#### What to work on
In your copy, repeat each record exactly and include no pictures.
■ ■ ■ ■
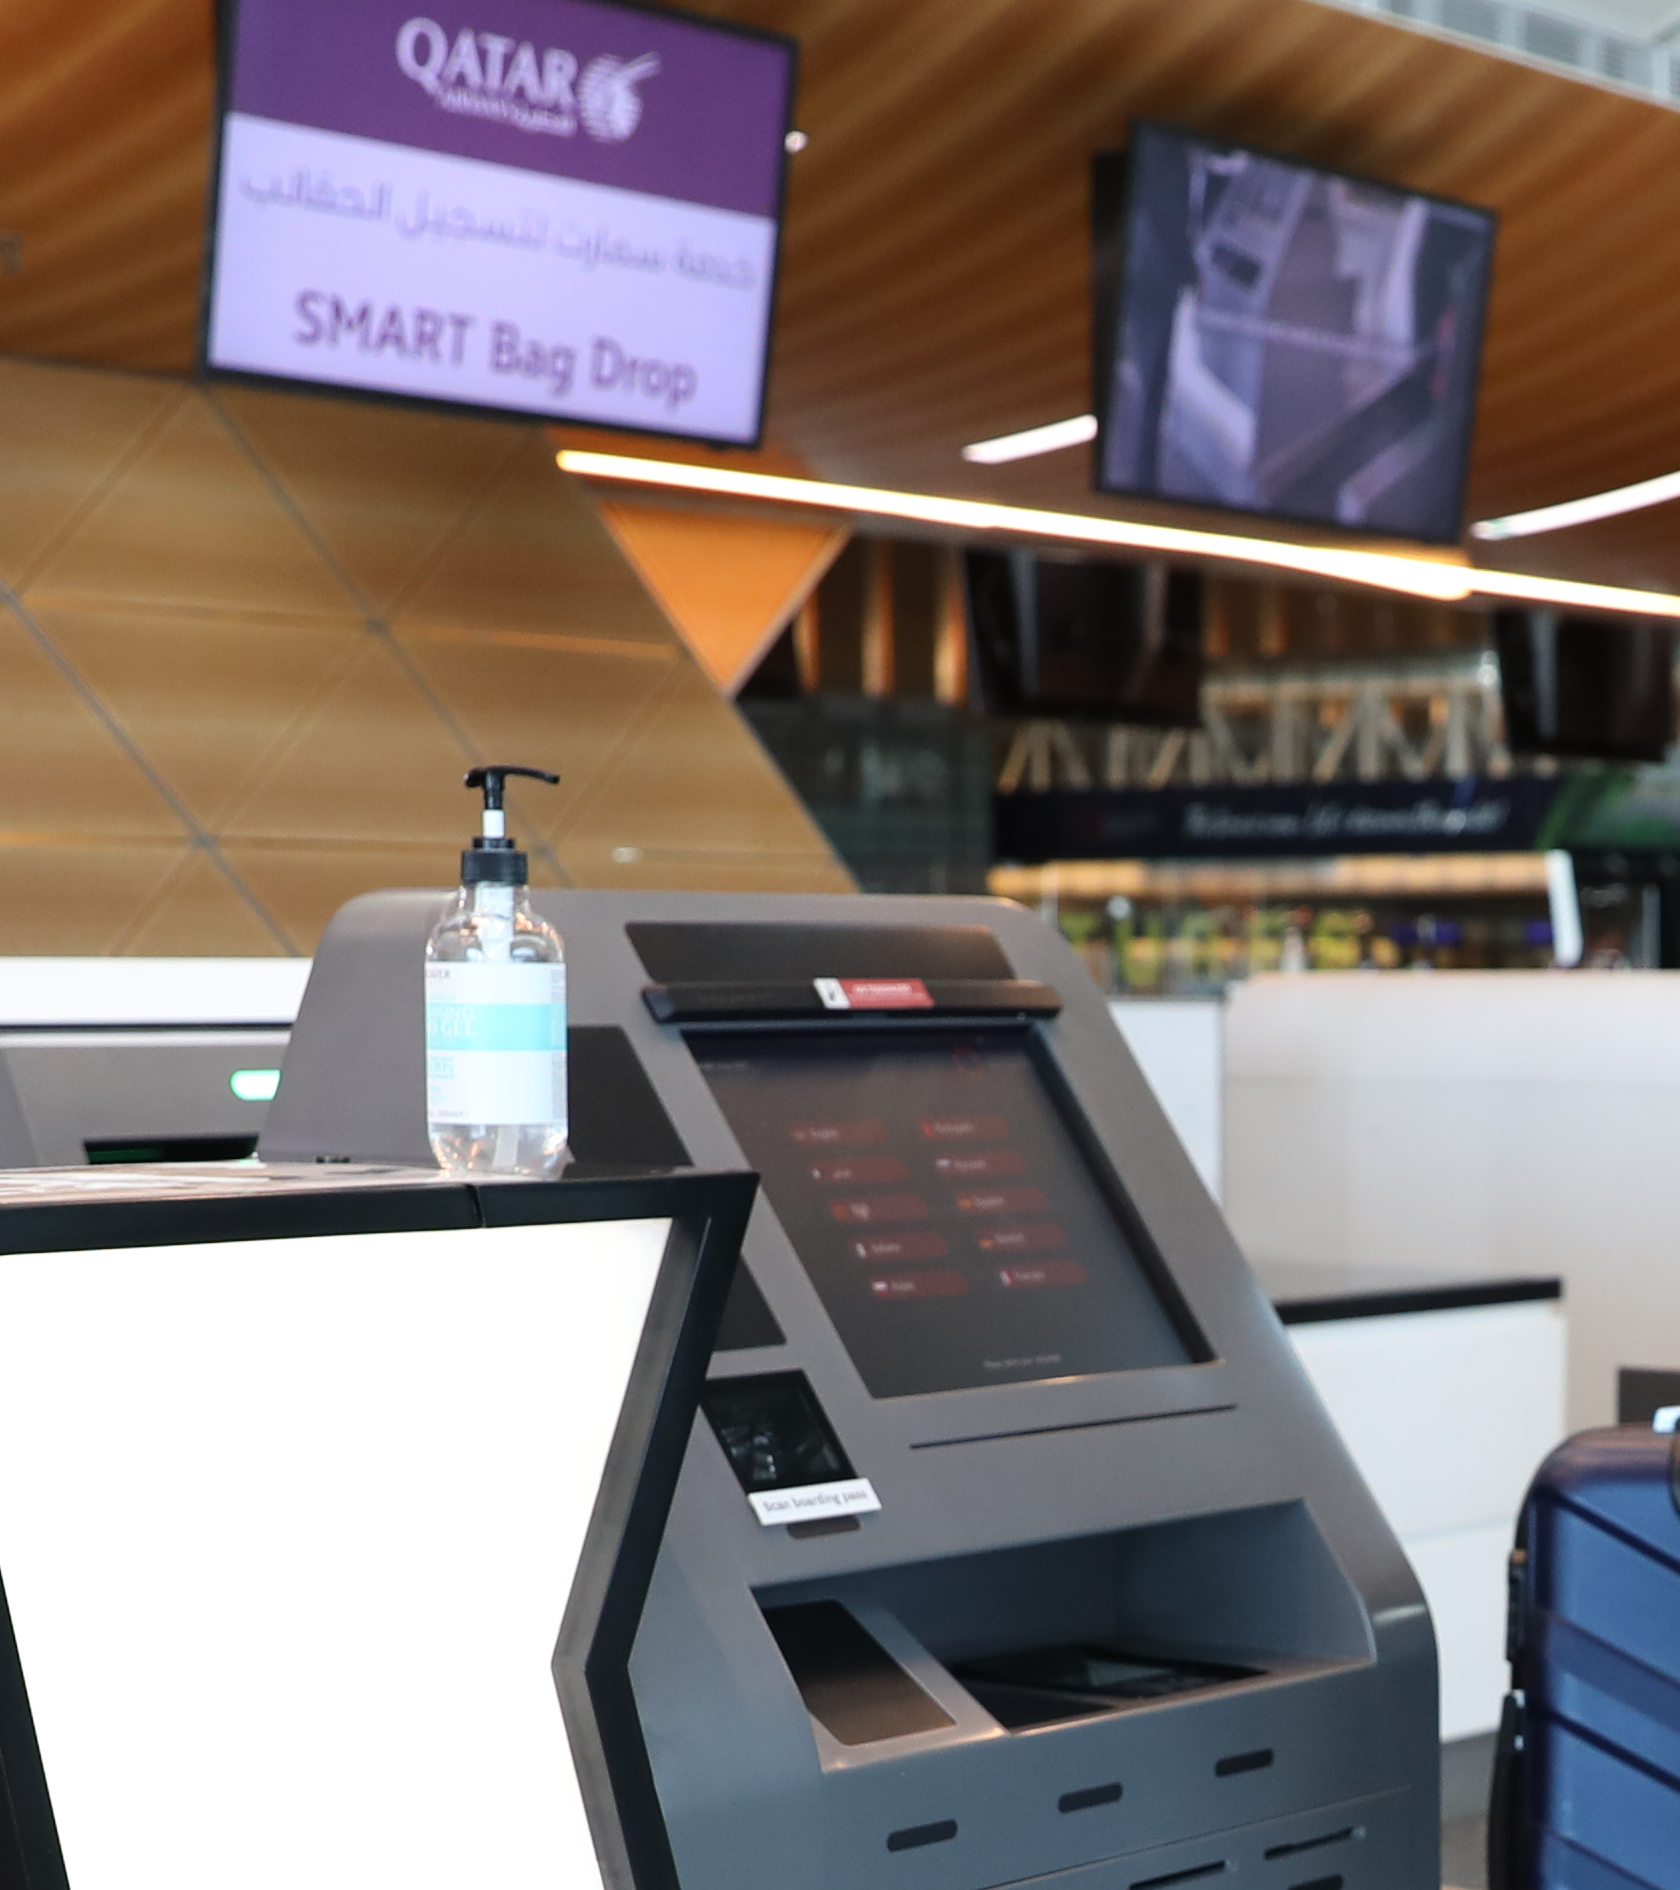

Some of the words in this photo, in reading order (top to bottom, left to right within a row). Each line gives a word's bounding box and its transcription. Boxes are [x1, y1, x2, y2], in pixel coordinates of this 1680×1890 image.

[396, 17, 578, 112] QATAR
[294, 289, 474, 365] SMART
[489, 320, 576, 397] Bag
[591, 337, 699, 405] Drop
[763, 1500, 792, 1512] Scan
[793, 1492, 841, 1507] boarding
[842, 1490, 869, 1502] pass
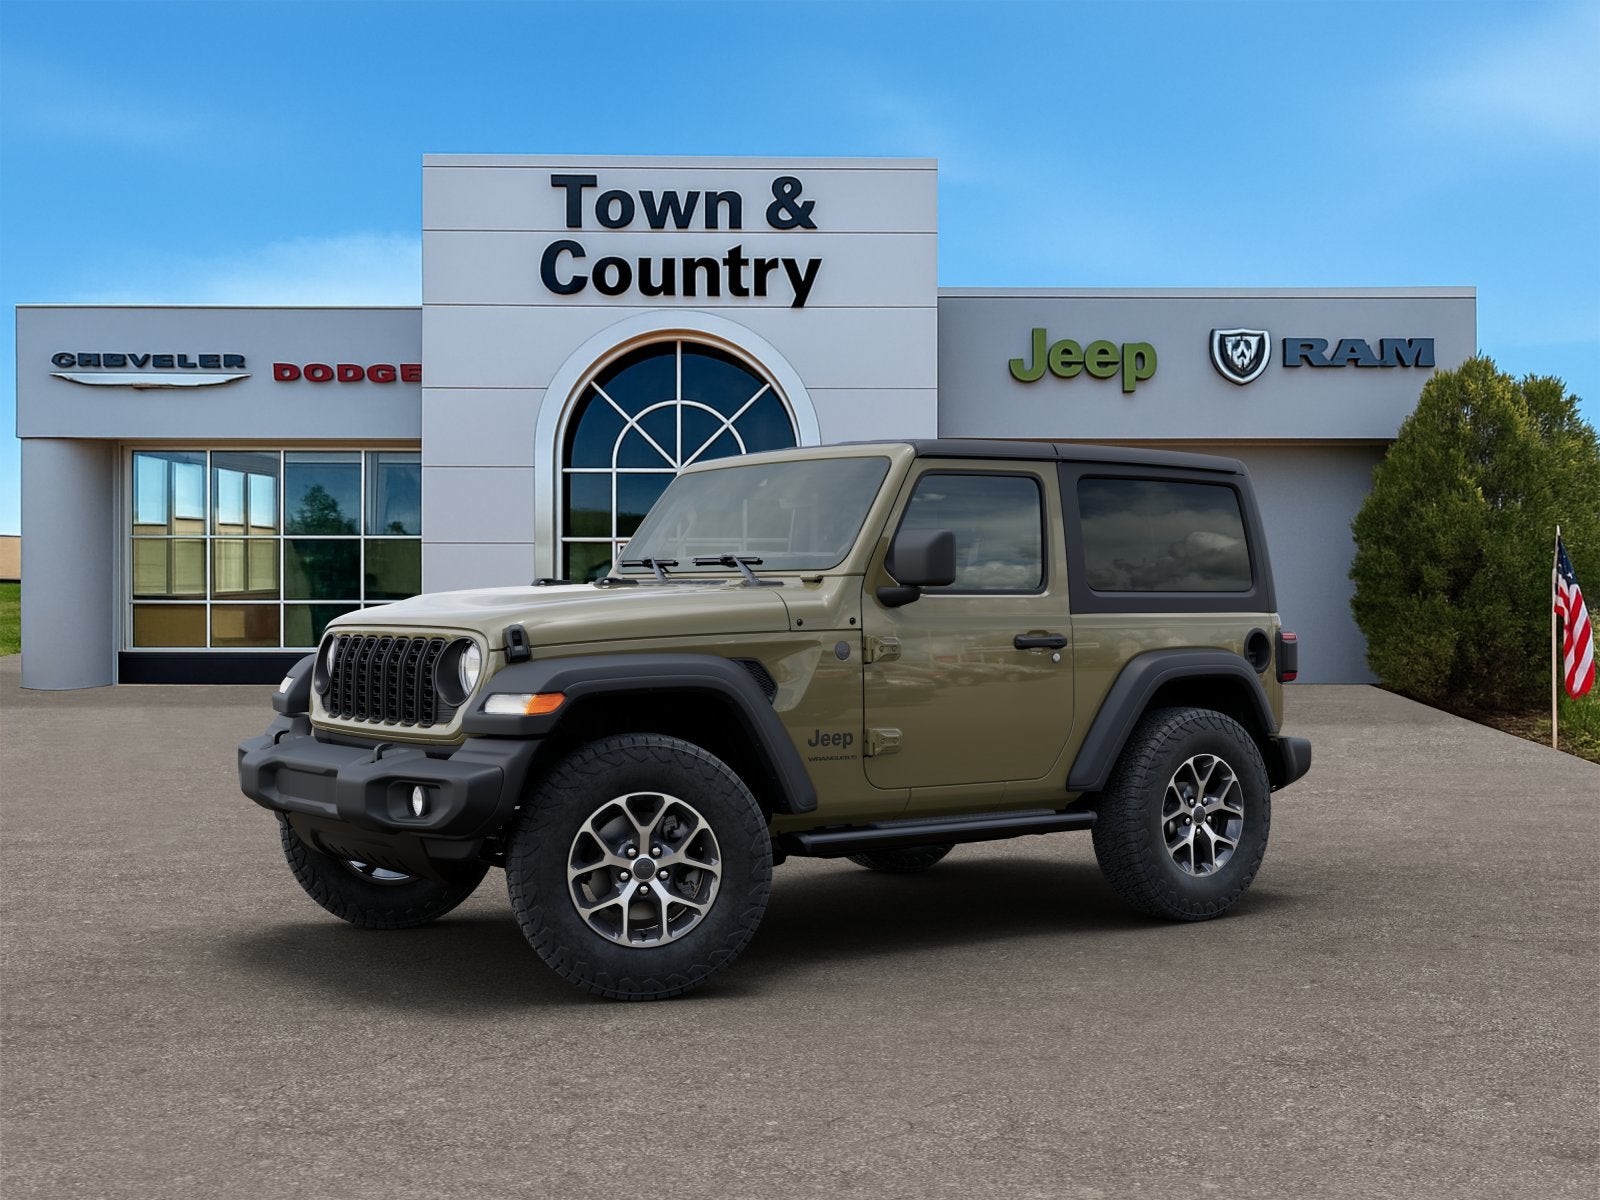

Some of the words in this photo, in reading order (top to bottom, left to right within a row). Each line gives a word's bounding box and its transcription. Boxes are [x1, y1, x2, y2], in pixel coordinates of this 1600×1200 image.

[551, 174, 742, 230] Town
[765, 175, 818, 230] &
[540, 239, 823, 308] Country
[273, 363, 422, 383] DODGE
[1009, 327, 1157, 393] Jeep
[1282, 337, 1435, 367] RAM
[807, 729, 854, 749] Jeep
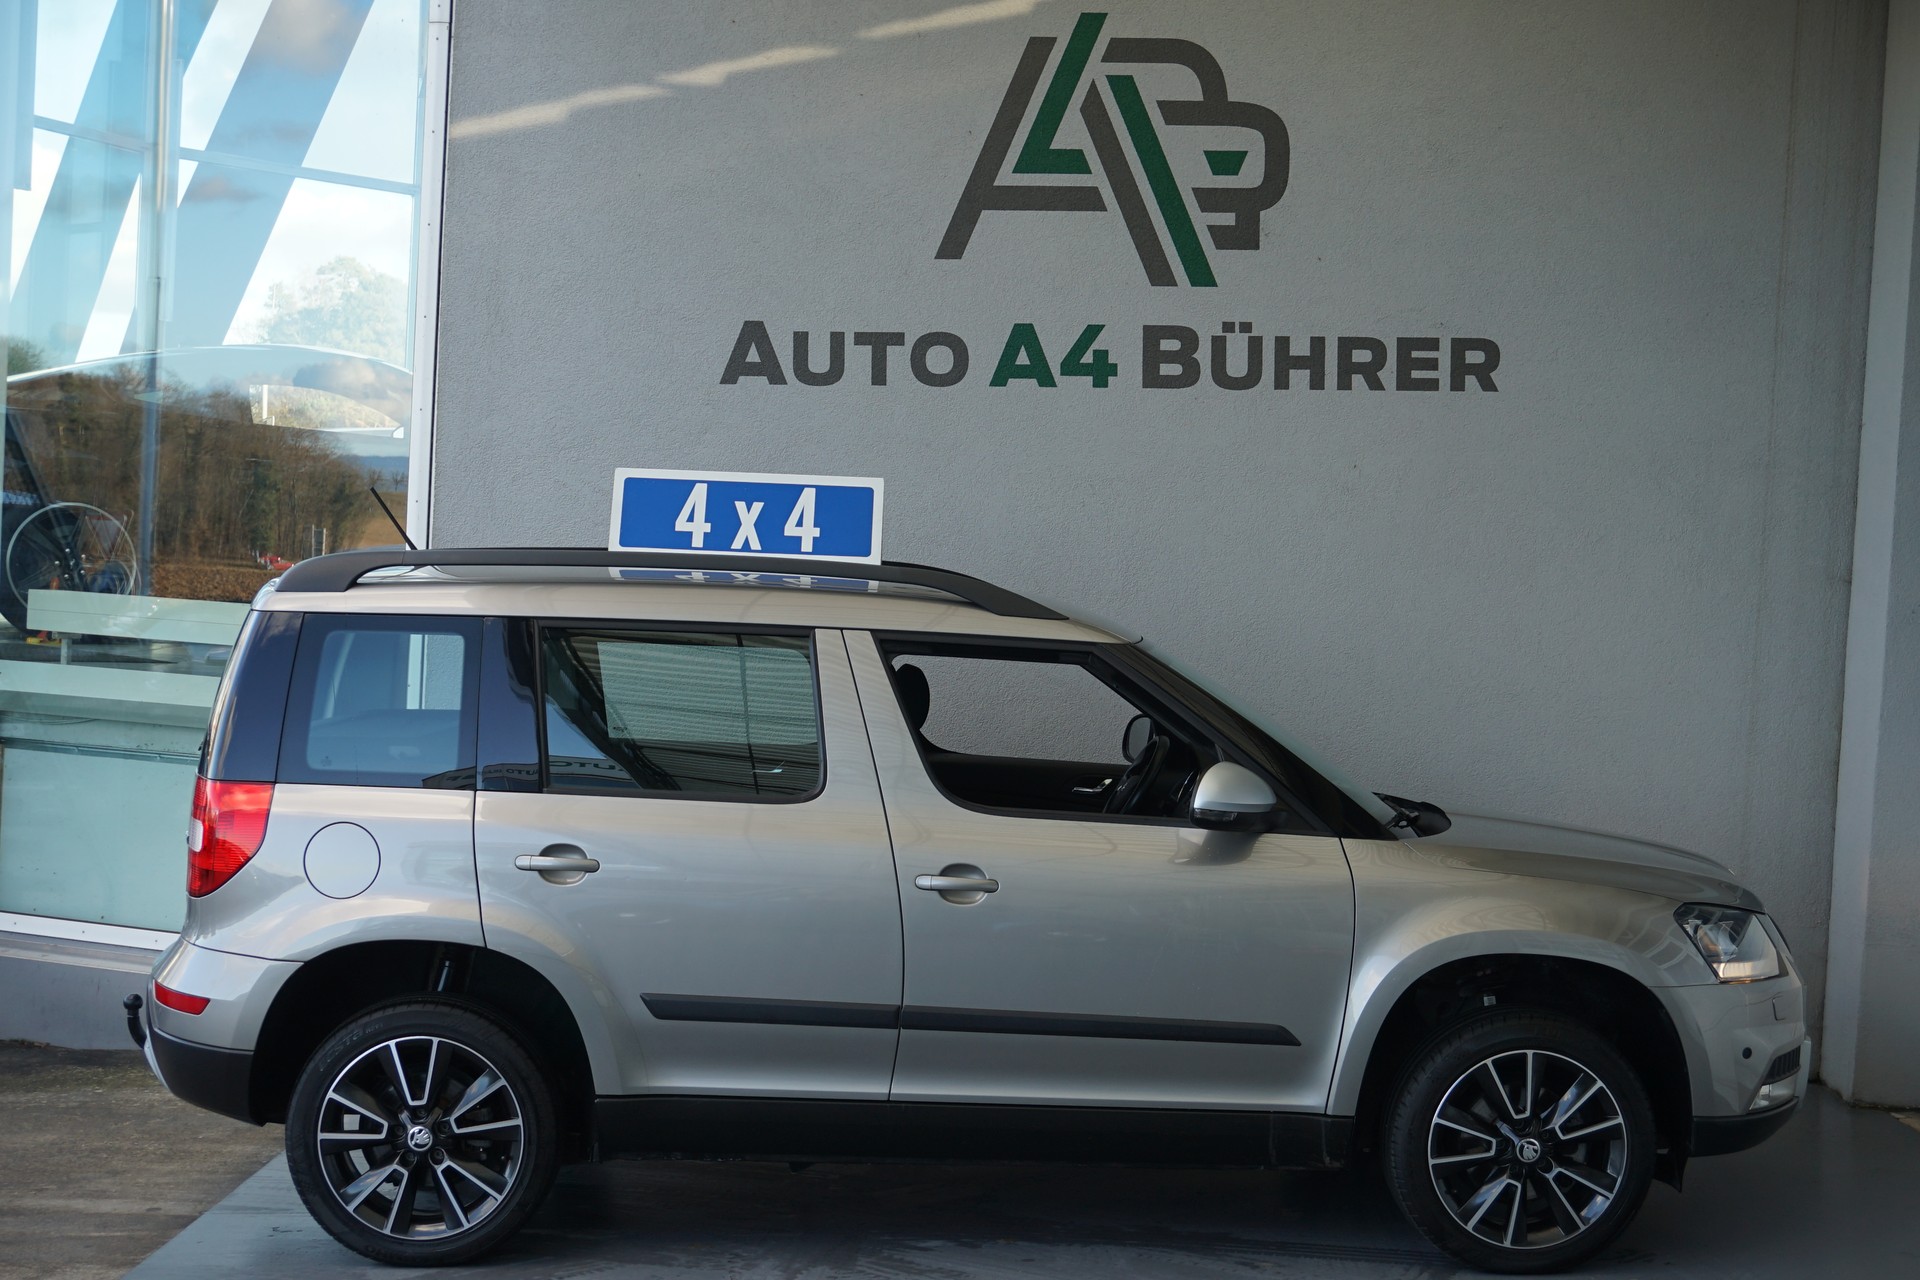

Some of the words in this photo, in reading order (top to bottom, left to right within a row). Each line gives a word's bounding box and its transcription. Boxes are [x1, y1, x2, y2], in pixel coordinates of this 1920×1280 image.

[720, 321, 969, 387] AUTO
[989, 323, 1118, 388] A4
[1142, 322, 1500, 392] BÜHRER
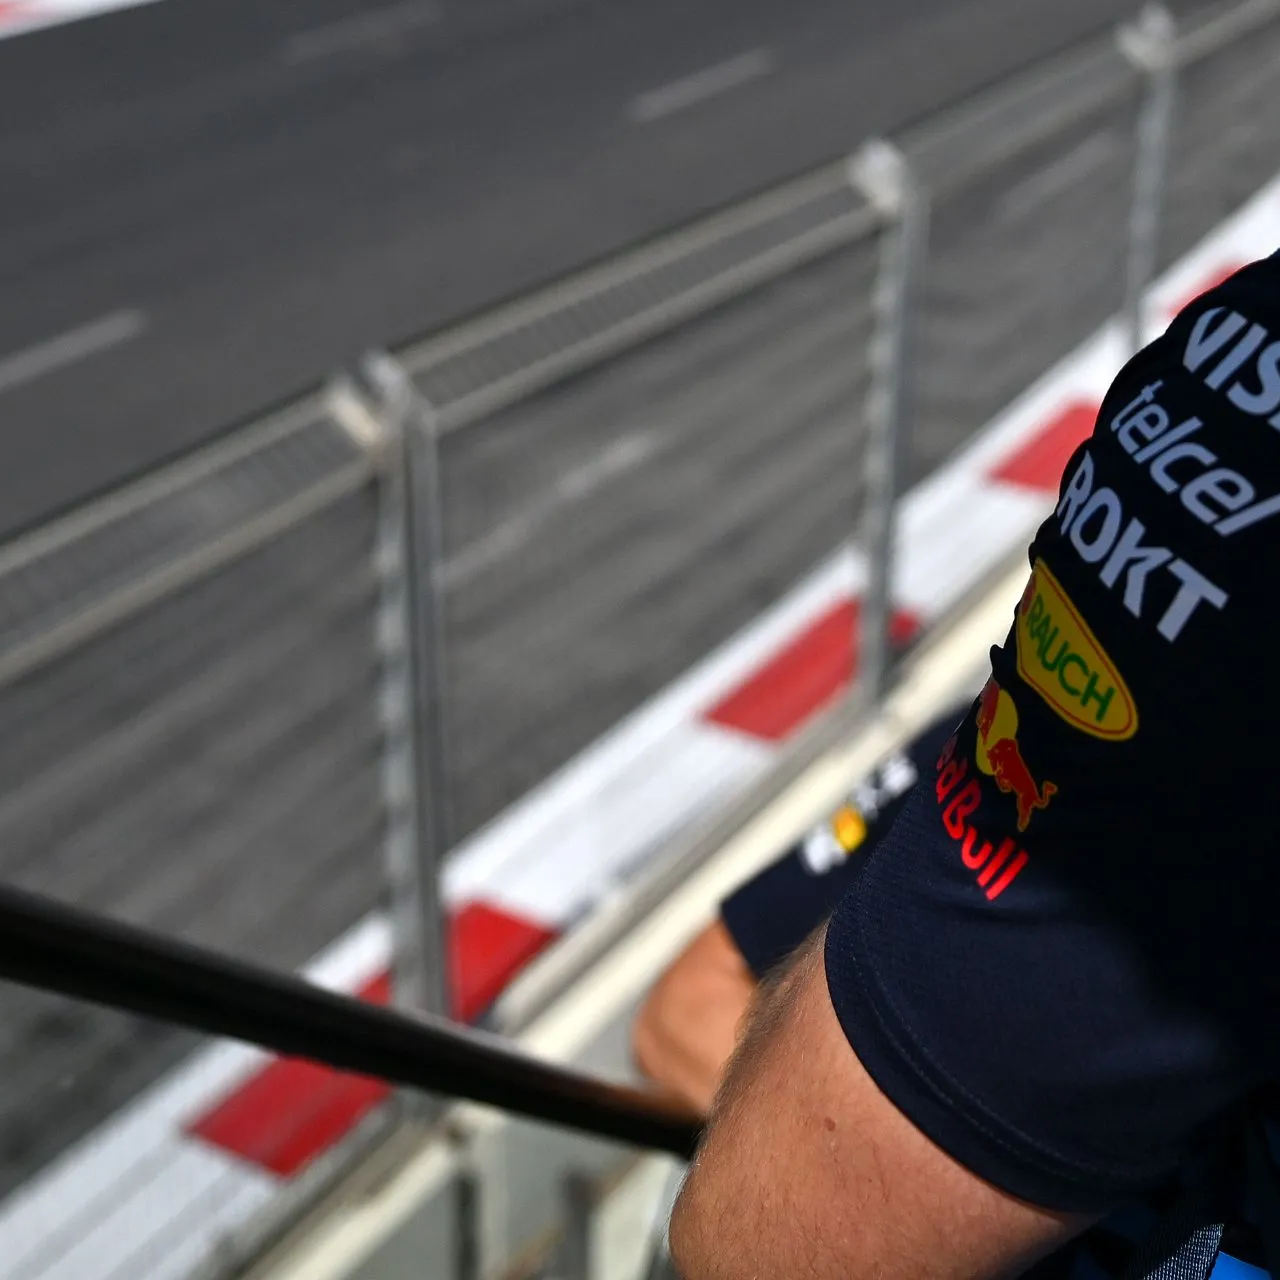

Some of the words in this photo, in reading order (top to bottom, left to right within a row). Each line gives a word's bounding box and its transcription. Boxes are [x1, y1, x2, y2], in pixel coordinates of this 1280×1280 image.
■ ■ ■ ■
#### Problem solution
Some of the words in this photo, in reading order (top to bottom, left to right within a row). Each line gives a word's bounding box and its transcription. Boxes are [x1, y1, x2, y2], in pixel coordinates of this 1680×1890 image.

[396, 17, 578, 112] QATAR
[294, 289, 474, 365] SMART
[489, 320, 576, 397] Bag
[591, 337, 699, 405] Drop
[763, 1500, 792, 1512] Scan
[793, 1492, 841, 1507] boarding
[842, 1490, 869, 1502] pass

Some of the words in this photo, in reading order (top to bottom, left to right within a row). Each line gives a word's bounding box and its transcription. Boxes are [x1, y1, x2, y2], in pixel coordinates of this 1600×1200 image.

[551, 174, 742, 230] Town
[765, 175, 818, 230] &
[540, 239, 823, 308] Country
[273, 363, 422, 383] DODGE
[1009, 327, 1157, 393] Jeep
[1282, 337, 1435, 367] RAM
[807, 729, 854, 749] Jeep

Some of the words in this photo, in reading order (top to bottom, left to right within a row). Each line gives a word's bounding box and its transcription. Boxes are [x1, y1, x2, y2], in pixel coordinates of this 1920×1280 image.

[720, 321, 969, 387] AUTO
[989, 323, 1118, 388] A4
[1142, 322, 1500, 392] BÜHRER

Some of the words in this photo, in reading order (top to bottom, left to right within a row). Each line gives a word's bounding box and its transcription. Boxes are [x1, y1, x2, y2], in pixel coordinates of this 1280×1280 image.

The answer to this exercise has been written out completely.